MADAM SPEAKER: Standing order 118(a) requires a minister to be directly relevant, so if you could come to the point off the question, Chief Minister.

MS GALLAGHER: I will if there is any time left. Going to the point of stress, yes, I would say that when the hospital is busy staff are under more stress. The hospital is a stressful environment at any time, and when the hospital is busy and beds are in short supply, there is an additional layer of stress, and that is why so much effort is being put in to minimise that stress and to support staff. One of those is the increase in beds, and Dr Gallagher's point today was about additional beds. I will repeat in this place: when we came into power in 2001, 670 hospital beds were available. We now have 1,048 funded beds across the system—a 56 per cent increase against a population increase of only 17 per cent. And more beds are coming on line, so, no, it is not going to get worse. (Time expired.)

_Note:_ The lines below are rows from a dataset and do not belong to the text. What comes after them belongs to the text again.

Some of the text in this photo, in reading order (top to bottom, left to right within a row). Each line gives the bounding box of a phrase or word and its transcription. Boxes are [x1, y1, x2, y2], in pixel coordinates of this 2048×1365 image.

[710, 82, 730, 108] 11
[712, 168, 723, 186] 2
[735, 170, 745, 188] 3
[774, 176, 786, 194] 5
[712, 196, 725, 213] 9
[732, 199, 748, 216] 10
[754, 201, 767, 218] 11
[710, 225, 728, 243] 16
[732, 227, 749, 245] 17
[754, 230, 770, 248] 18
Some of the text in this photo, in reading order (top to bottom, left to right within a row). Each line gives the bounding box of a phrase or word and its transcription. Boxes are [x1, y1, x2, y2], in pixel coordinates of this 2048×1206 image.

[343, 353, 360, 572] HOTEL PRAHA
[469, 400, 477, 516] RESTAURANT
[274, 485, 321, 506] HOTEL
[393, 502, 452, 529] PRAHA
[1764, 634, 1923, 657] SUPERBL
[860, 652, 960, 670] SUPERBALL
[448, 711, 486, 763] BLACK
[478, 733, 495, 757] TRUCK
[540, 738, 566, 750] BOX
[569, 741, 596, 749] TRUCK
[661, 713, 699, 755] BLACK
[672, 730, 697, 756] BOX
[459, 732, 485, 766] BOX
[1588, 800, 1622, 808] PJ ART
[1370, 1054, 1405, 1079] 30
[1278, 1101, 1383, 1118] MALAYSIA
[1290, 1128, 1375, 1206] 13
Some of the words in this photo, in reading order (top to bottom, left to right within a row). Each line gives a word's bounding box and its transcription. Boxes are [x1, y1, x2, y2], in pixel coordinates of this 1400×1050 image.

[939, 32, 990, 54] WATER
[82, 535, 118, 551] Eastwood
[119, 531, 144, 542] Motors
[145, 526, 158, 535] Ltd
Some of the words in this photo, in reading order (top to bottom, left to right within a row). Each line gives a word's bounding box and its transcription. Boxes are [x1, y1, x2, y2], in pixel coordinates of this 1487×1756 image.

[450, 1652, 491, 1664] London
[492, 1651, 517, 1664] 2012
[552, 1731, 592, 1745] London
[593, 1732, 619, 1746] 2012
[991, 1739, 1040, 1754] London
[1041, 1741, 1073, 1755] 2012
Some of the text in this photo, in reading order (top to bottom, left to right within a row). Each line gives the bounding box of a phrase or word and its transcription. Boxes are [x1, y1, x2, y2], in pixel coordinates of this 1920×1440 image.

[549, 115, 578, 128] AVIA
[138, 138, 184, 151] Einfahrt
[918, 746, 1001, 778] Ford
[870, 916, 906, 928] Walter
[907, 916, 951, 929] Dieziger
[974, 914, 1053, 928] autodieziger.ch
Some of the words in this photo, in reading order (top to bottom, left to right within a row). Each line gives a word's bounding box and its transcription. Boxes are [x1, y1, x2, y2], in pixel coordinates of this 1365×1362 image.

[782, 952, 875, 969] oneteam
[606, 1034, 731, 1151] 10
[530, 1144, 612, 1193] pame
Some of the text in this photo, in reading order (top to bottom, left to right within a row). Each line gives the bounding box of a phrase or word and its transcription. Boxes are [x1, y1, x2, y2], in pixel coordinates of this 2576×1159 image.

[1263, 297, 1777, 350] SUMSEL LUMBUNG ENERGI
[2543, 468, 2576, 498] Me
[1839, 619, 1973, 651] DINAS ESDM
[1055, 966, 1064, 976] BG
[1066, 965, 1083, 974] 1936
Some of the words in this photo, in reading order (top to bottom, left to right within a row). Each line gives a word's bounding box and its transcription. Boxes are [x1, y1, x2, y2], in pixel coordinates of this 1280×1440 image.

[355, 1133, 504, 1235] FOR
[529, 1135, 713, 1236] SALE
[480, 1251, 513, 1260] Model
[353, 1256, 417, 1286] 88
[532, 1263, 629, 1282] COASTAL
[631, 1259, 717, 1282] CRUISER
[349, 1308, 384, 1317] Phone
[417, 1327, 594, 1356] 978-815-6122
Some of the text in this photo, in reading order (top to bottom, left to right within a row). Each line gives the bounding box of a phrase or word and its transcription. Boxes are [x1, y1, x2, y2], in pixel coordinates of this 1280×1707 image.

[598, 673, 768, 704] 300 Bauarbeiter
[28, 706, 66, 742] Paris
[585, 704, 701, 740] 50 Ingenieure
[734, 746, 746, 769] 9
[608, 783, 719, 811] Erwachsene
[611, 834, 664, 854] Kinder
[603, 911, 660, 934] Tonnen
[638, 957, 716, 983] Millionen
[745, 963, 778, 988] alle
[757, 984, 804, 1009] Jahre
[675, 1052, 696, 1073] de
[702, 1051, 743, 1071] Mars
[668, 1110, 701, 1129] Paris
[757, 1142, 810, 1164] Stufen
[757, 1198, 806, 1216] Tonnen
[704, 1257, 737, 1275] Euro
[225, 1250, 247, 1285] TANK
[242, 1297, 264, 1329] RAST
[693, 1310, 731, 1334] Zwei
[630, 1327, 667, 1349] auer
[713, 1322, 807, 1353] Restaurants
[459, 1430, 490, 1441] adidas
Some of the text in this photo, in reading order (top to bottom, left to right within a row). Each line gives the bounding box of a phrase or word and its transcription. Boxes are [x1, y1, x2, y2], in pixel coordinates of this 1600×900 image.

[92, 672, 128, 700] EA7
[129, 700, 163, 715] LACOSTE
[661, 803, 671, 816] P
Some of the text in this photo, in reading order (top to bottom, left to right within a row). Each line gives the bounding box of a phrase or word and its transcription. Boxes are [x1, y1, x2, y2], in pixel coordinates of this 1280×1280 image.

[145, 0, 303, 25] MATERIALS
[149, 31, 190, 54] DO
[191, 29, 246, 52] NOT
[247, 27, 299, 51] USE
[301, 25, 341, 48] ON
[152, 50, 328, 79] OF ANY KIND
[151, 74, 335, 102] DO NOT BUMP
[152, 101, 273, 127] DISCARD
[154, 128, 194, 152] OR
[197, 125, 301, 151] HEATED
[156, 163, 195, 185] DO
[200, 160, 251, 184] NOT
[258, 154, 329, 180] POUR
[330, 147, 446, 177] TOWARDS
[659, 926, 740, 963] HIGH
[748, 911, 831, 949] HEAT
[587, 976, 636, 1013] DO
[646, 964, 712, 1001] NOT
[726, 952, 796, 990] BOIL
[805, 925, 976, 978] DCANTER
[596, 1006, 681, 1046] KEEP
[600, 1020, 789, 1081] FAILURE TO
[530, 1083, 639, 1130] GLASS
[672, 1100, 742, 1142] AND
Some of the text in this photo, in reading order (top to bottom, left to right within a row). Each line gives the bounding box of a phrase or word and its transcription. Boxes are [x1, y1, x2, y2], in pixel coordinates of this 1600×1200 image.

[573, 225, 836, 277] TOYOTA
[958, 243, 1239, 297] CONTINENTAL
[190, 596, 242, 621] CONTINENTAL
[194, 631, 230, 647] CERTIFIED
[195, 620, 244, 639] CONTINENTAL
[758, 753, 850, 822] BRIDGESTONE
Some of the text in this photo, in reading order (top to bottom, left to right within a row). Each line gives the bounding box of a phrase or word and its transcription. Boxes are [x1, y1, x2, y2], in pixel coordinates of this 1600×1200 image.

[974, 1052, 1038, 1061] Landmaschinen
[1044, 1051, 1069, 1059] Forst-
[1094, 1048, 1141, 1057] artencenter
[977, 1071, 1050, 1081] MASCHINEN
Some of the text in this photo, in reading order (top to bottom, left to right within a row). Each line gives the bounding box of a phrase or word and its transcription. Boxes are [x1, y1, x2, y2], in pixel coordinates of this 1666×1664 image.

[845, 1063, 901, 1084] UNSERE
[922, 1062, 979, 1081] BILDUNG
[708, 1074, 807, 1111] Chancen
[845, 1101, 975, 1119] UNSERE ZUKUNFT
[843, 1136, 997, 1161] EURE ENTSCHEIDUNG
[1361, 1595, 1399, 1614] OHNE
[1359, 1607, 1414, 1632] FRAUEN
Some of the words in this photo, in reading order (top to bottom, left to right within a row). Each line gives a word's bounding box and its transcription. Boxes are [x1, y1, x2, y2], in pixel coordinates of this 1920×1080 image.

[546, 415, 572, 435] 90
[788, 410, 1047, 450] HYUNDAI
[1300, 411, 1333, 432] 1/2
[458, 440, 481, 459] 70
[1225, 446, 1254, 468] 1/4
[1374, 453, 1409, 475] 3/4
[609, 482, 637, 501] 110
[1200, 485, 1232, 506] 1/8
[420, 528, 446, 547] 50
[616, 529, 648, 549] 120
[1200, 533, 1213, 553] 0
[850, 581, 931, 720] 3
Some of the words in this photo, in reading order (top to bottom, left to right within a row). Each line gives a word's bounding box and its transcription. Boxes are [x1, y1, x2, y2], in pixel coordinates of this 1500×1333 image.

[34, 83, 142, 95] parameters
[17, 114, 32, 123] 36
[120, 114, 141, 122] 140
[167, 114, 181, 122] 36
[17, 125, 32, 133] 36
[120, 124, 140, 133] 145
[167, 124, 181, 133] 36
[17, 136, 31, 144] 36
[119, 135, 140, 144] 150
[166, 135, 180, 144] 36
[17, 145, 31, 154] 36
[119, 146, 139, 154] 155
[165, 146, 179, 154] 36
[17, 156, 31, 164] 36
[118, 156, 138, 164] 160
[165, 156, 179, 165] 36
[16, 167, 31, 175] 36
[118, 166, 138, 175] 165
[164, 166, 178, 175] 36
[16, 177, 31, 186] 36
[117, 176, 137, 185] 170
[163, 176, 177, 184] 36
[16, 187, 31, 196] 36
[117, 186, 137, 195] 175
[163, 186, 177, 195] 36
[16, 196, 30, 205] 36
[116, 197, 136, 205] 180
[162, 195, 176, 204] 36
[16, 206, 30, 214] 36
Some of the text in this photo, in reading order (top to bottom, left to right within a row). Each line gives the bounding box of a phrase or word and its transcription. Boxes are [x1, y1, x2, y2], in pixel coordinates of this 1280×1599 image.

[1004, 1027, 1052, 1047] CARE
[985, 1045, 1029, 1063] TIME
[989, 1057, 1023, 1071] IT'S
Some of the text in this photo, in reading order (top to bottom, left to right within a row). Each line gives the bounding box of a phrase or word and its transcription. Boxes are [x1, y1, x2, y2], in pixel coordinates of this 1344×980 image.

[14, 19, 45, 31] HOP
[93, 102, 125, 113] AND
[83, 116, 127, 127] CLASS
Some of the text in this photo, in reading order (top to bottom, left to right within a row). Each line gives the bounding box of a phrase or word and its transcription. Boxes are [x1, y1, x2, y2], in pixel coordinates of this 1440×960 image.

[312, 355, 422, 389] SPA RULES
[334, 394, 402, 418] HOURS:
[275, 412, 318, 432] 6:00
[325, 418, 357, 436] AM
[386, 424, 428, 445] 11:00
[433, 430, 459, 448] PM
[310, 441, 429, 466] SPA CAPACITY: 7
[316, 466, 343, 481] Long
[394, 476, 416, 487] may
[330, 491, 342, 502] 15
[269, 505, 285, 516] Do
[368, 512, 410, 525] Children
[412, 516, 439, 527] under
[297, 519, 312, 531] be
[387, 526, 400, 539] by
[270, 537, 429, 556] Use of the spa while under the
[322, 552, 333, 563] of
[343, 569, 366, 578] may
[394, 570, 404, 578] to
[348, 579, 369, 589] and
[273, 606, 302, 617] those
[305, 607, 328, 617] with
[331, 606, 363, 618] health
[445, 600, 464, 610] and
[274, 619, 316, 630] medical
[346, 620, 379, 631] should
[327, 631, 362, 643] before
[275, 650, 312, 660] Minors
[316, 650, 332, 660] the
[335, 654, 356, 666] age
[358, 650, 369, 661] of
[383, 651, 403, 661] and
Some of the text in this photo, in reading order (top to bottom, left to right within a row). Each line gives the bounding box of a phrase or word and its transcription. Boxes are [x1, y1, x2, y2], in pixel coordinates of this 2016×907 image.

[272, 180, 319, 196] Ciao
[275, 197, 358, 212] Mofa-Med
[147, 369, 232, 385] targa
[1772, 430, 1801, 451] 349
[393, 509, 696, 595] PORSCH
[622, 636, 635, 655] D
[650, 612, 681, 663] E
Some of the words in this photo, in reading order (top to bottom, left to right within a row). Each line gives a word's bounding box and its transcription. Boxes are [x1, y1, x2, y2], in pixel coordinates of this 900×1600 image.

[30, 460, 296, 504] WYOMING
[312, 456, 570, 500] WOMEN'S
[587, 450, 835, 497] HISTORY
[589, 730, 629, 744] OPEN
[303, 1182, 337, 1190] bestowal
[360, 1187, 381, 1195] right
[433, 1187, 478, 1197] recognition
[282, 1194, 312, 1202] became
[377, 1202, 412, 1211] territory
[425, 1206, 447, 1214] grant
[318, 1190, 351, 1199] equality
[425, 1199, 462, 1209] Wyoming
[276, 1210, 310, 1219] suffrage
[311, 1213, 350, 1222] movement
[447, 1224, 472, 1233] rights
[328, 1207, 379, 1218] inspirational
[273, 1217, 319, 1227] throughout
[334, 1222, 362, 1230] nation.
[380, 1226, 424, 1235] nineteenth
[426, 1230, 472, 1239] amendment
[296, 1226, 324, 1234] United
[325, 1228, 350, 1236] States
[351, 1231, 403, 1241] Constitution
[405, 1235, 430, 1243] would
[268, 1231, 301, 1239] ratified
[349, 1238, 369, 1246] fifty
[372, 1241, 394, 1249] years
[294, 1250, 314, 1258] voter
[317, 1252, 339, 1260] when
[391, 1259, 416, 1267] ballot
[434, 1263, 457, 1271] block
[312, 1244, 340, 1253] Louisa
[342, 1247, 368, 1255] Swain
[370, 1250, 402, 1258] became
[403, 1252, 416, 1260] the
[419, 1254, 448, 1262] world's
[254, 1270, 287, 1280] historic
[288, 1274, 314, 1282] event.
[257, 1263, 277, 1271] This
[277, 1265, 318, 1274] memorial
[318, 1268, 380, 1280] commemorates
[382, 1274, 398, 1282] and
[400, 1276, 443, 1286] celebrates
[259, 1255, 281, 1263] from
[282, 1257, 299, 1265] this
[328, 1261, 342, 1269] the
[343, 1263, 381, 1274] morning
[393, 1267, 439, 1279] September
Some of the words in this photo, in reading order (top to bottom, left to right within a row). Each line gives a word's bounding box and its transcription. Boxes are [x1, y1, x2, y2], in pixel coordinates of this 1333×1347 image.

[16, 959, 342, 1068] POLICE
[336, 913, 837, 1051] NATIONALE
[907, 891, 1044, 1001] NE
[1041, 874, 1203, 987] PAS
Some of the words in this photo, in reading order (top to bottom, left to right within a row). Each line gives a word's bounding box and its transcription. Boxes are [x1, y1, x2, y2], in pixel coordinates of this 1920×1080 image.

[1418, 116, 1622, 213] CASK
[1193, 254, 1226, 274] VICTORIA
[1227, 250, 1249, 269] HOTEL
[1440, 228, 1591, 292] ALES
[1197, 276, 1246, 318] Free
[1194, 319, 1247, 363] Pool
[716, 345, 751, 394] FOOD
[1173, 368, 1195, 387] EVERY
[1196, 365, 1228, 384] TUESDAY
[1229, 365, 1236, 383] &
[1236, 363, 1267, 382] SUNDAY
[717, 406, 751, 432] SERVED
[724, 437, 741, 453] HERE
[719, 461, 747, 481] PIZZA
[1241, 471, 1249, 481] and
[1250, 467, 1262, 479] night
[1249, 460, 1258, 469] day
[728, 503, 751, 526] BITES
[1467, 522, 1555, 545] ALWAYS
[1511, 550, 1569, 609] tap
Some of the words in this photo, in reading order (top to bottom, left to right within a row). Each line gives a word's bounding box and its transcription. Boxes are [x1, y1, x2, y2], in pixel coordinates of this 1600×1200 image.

Asbestos—loose-fill insulation

MR COE: My question is to the Chief Minister regarding Mr Fluffy homes. Chief Minister, what analysis has the government undertaken as to how variation 306 will restrict redevelopment, whether the blocks be RZ1 or changed to a higher density but still in the residential zones?

MS GALLAGHER: It is likely that particular arrangements will need to be put in place for Mr Fluffy homes as it relates to a number of different pieces of legislation, not only planning but heritage and tree protection as well. We are currently working through those issues. Obviously the announcement by the commonwealth on Monday was prompt in the sense that it was announced without knowledge to us and, now that we have confirmation that a concessional loan is being arranged, we are putting in place the necessary work that needs to be done to ensure that we can minimise the overall net cost to the ACT community and deliver a fair and reasonable outcome to the Mr Fluffy homeowners. It is highly likely there will be a number of pieces of legislation that will need to come—

Mr Coe: On a point of order, Madam Speaker, on relevance. Whilst we appreciate hearing about the recent developments, the question was specifically: what analysis has the government undertaken? That has got no relevance whatsoever to Minister Abetz's announcement.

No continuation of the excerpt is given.